Looks like we have a lot of thank yous, a lot of great presentations, which I will second all of those kinds of things. I will say too, I’m giving this presentation to a number of teachers. And it really makes me happy that a lot of people in our school systems right now are hungry for this education and are really recognizing
It’s importance and so that just makes me feel really hopeful that I think so many adults in our kids’ lives right now are just wanting to do everything they can to help and are recognizing that all across the spectrum, no matter where kids are shaking out, they are wanting to learn more about anxiety and how brains work, so that they can help the kids in their lives.
Fantastic. Yeah. I suppose if there’s no more questions, then we will remind everyone to please go to adhdkc.org, but that’s got all the events. so if you want to keep up, I know we’ve got parent events, I think scheduled all the way through most of the rest of this year already.
As well as women’s group.
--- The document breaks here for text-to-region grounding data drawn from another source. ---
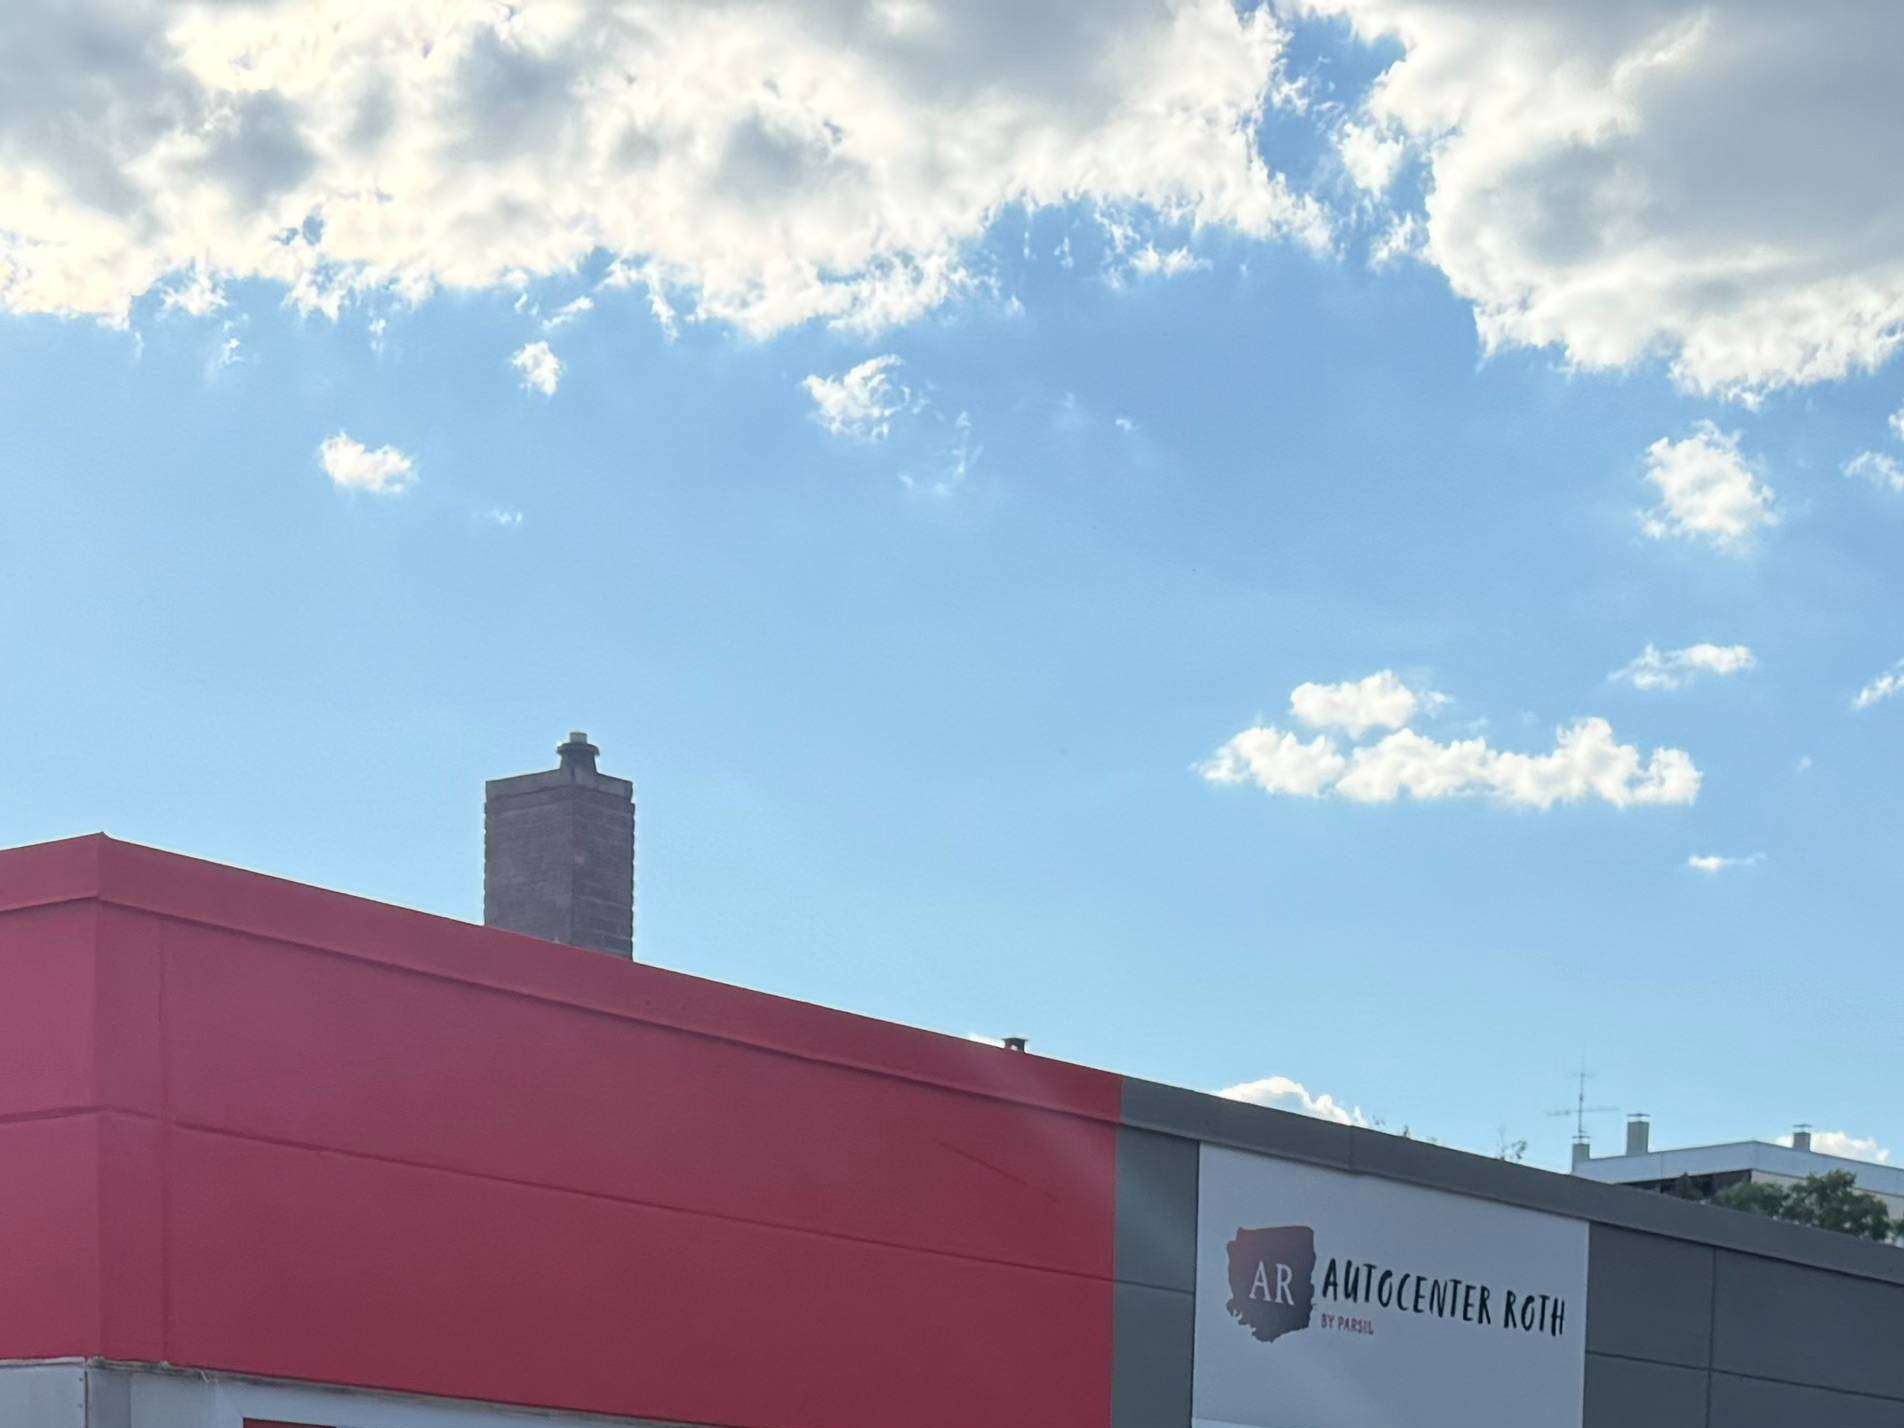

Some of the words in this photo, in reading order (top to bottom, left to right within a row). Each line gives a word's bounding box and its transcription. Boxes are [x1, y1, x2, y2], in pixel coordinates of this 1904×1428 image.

[1248, 1260, 1295, 1306] AR
[1322, 1257, 1492, 1326] AUTOCENTER
[1503, 1289, 1566, 1337] ROTH
[1321, 1313, 1335, 1329] BY
[1337, 1315, 1375, 1336] PARSIL
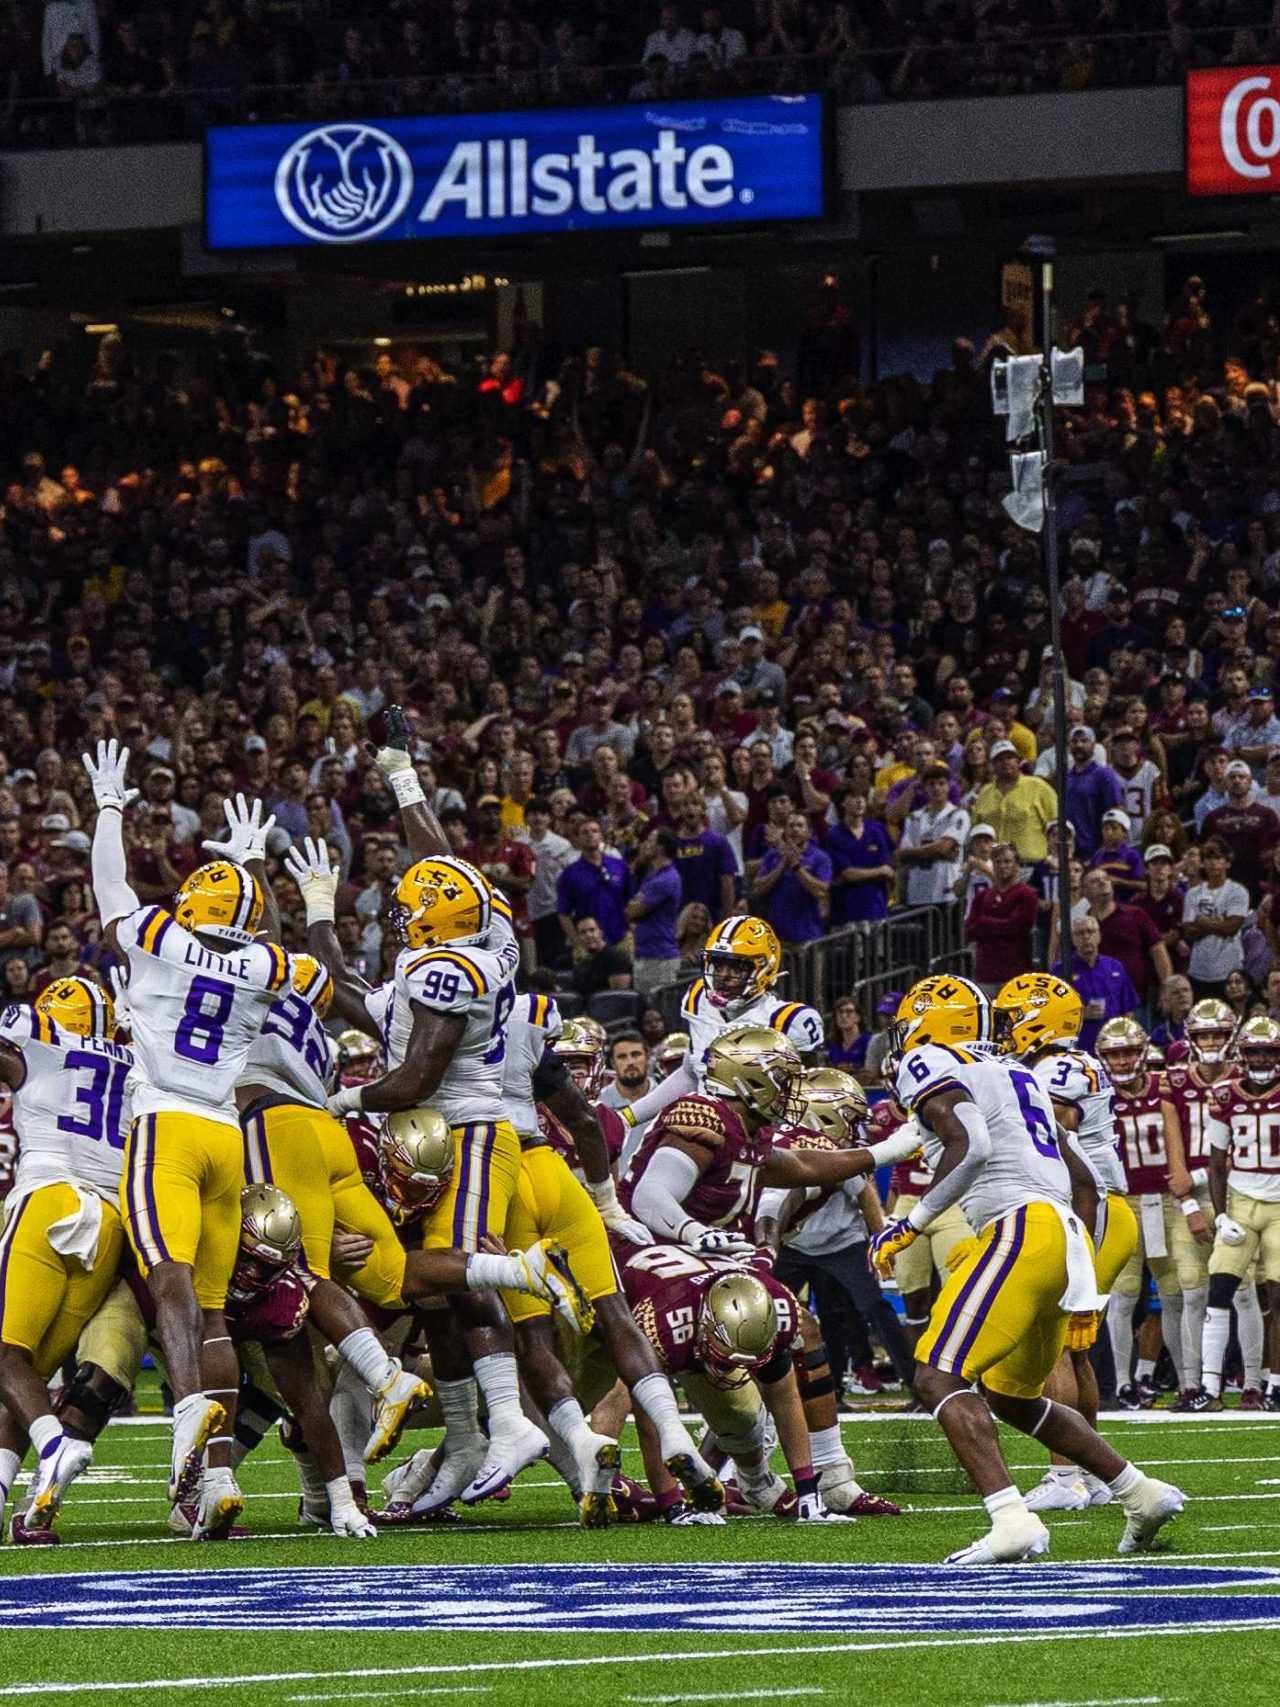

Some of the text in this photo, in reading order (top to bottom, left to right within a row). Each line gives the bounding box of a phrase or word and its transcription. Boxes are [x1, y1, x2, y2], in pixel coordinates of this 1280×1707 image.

[419, 130, 735, 222] Allstate
[184, 942, 251, 980] LITTLE
[422, 970, 460, 1003] 99
[175, 974, 235, 1065] 8
[907, 1054, 931, 1084] 6
[1051, 1060, 1072, 1087] 3
[1008, 1069, 1061, 1161] 6
[1120, 1112, 1168, 1169] 10
[1231, 1113, 1280, 1169] 80
[713, 1160, 761, 1227] 7
[665, 1306, 695, 1345] 56
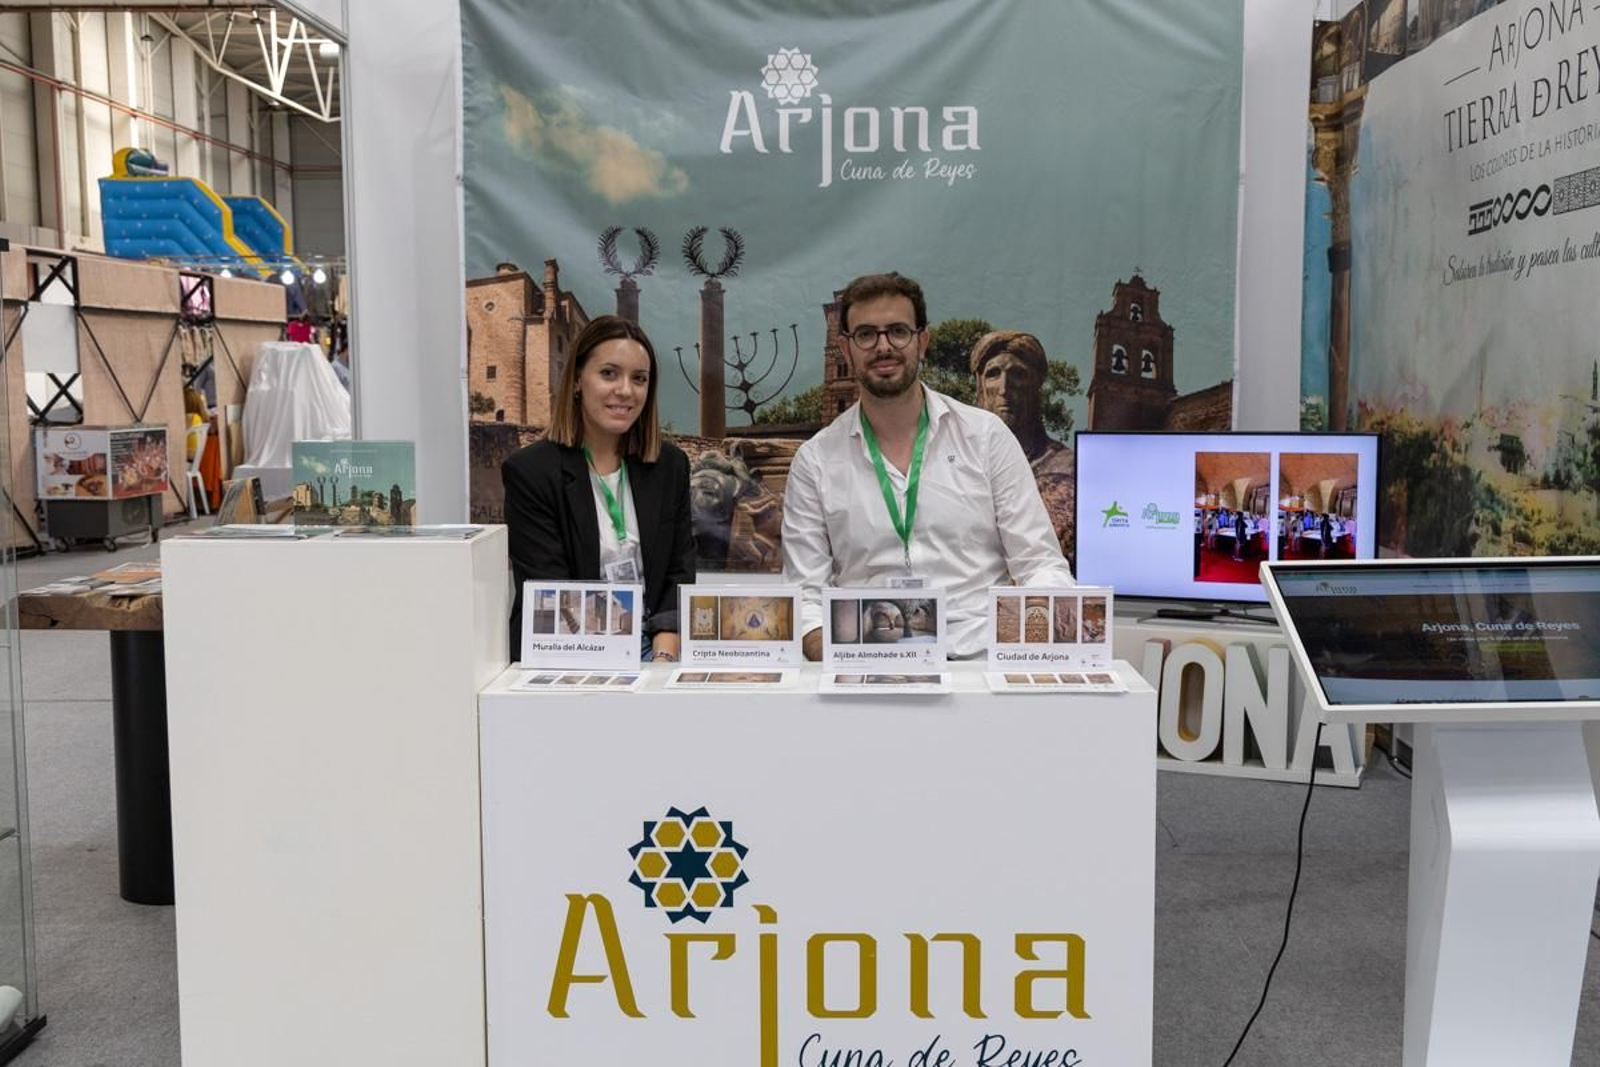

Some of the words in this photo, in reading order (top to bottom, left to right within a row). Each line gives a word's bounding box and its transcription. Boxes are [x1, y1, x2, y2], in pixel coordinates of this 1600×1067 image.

[1488, 0, 1584, 72] ARJONA
[1444, 80, 1521, 153] TIERRA
[719, 90, 982, 187] Arjona
[840, 159, 886, 181] Cuna
[892, 160, 915, 179] de
[923, 157, 977, 186] Reyes
[1469, 162, 1485, 181] LOS
[1519, 142, 1535, 162] DE
[1538, 138, 1551, 158] LA
[1514, 254, 1526, 281] y
[1421, 622, 1474, 633] Arjona,
[1475, 622, 1512, 631] Cuna
[1515, 621, 1534, 631] de
[1537, 621, 1580, 632] Reyes
[532, 642, 562, 652] Muralla
[563, 643, 576, 652] del
[576, 642, 605, 652] Alcázar
[692, 650, 717, 660] Cripta
[718, 650, 771, 658] Neobizantina
[833, 651, 855, 660] Aljibe
[858, 651, 898, 659] Almohade
[996, 653, 1027, 661] Ciudad
[1028, 653, 1040, 661] de
[1041, 653, 1070, 663] Arjona
[547, 893, 1092, 1067] Arjona
[799, 1033, 892, 1067] Cuna
[909, 1034, 956, 1067] de
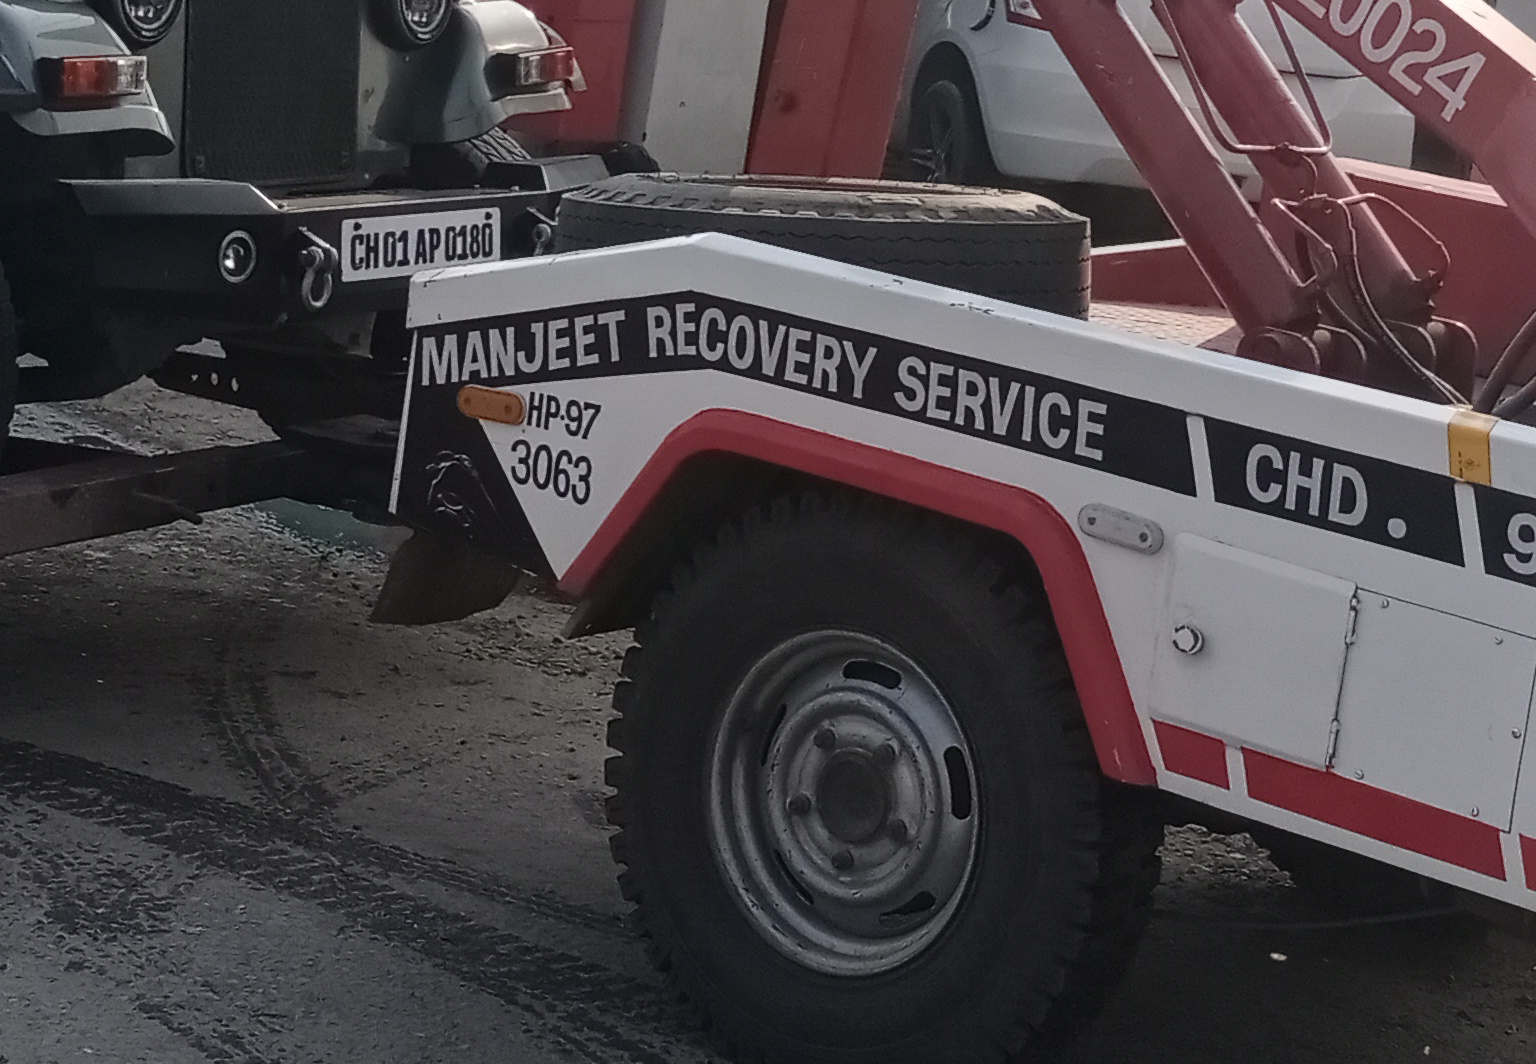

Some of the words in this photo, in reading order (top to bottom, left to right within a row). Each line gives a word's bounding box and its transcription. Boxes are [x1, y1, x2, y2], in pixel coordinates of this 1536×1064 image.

We have a women’s group. We have a general group. We have a teen group. Like there’s so many opportunities to be part of this community. so please hop on over there. There is the new book club as well. so there’s kind of something for everybody. And if there’s not, we can often create something. So sneak up and we hope to see everybody continue to be on this and join us and be part of this great community.
Anything else you want to add, Kristen? I think you covered it all. Thank you. So all right. Get everybody off and bedtime routines for the kiddos and dinner for those of you who haven’t eaten yet or whatever you need to do. Yeah. Yeah. All right. Thank you. Thanks, guys. Bye. Bye.